En la consulta se incluyeron dos preguntas por la Naturaleza. Una relacionada con el Yasuní y los Pueblos en Aislamiento Voluntario y otra con la minería metálica.

Ambas preguntas generan dudas sobre su interpretación. Pero es importante decir que el someterlas a consulta popular reivindica la importancia de generar participación alrededor de lo que tiene que ver con  la Naturaleza. Bajo esta misma lógica, ¿cómo no respetar las consultas sobre la actividad minera que se hicieran en Pacto o en Quimsacocha?, o ¿cómo olvidar el ejercicio democrático impulsado por miles de personas para decidir sobre el petróleo del Yasuní?

La pregunta propuesta por el presidente sobre el Yasuní habla de ampliar el área intangible de los Pueblos en Aislamiento Voluntario en al menos 50.000 hectáreas; parece poco, pero es una base para discutir la importancia de ampliar la Zona Intangible necesaria para la supervivencia de estos pueblos.

La pregunta dice también que se disminuirá el área de explotación petrolera de 1.030 a 300 hectáreas. Bajo el razonamiento del presidente Moreno esta es una propuesta para enfrentar la crisis climática, por lo tanto debe ser interpretada como reducción de la extracción de crudo. Adicionalmente, hay que mencionar que ya hay operaciones petroleras adelantadas sobre todo en el bloque 31 que, seguramente, significan más de las 300 hectáreas.
La consulta sobre minería se refiere a eliminar las actividades de minería metálica en áreas protegidas, zonas urbanas y zonas intangibles. El barrio San Marcos de Tundayme tenía escuela, iglesia, plaza, centro de salud, es decir una zona urbana en un entorno rural, que fue destruida para instalar allí la piscina de relaves del proyecto Mirador. La pregunta en cuestión preocupa mucho porque la minería metálica en Ecuador siempre ha buscado asentarse en áreas frágiles, páramos, humedales, bosques protectores, parques nacionales, y afectar a centros poblados.

La tercera pregunta, menos obvia en su relación con el ambiente aunque tiene mucho que ver, es la referida a la corrupción. Los megaproyectos generan mega impactos; mientras más grandes son los proyectos mayores son las oportunidades para incurrir en diversas formas de corrupción. De allí la percepción de que los grandes proyectos generalmente implican beneficios hacia arriba y hacia afuera, mientras los pequeños proyectos traen beneficios hacia adentro y hacia abajo.

La corrupción tiene efectos sobre la naturaleza y los pueblos, que deben ser reparados. Por ejemplo, el bosque seco de El Aromo, único en el mundo y muy importante para nuestro país, fue destruido en nombre de iniciar la construcción de la Refinería del Pacífico, -que se la ligaba al crudo del ITT-, recurriendo a un escandaloso sobreprecio.

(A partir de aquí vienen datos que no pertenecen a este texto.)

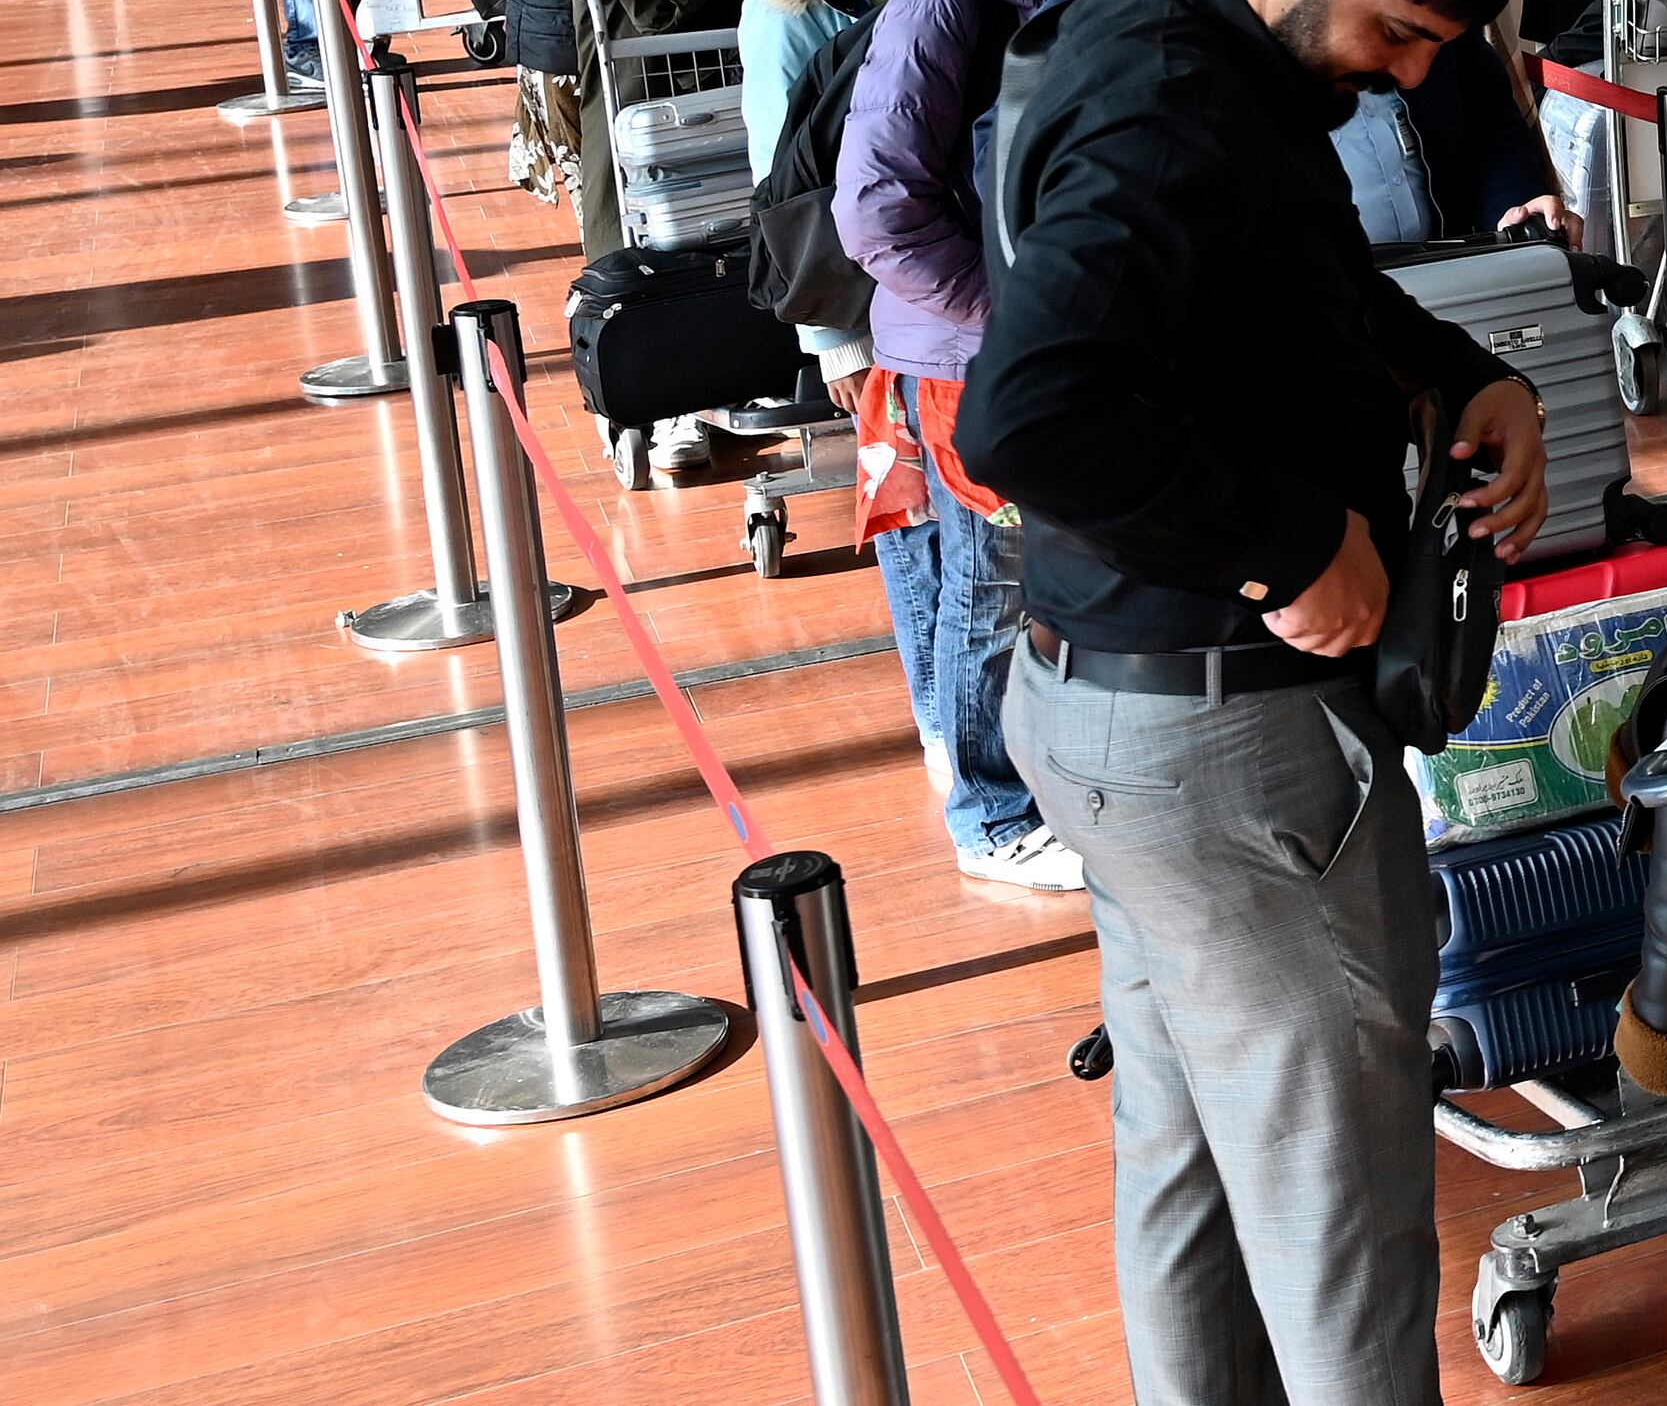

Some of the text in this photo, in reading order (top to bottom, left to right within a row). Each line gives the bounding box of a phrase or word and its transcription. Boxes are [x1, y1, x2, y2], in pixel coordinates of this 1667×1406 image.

[1505, 678, 1544, 724] Product of
[1519, 690, 1551, 729] Pakistan

Sería ingenuo pensar que los intereses petroleros y mineros no actuarán intentando mantener sus escenarios de operación; de hecho las empresas petroleras intentarán argumentar que las 300 hectáreas son adicionales y que les permitirá extraer el crudo del Tambococha e Ishpingo, induciendo a que el presidente Moreno caiga en un terrible error, justamente ahora que está procurando distanciarse de la pasada práctica de decir una cosa y hacer otra diferente.  Decir por ejemplo que se protegerá a los pueblos  en situación de aislamiento pero explotar en la zona destinada a proteger justamente su territorio. Esto no solo sería una incoherencia, sino también una ilegalidad de alto calibre pues irrespeta las medidas cautelares de la  Corte Interamericana  de Derechos Humanos, viola el artículo 57 de la Constitución e incumple el Decreto Ejecutivo 2187 que delimita la zona intangible y crea la zona de amortiguamiento y prohíbe actividades petroleras en esta zona.

Los planteamientos hechos en las preguntas sobre el Yasuní, la minería metálica y la corrupción se insertan en contextos de defensa de la naturaleza, los territorios y sus defensores a base de construir verdad, y demandar justicia y reparación, que son luchas de siempre y como siempre nos corresponde estar vigilantes.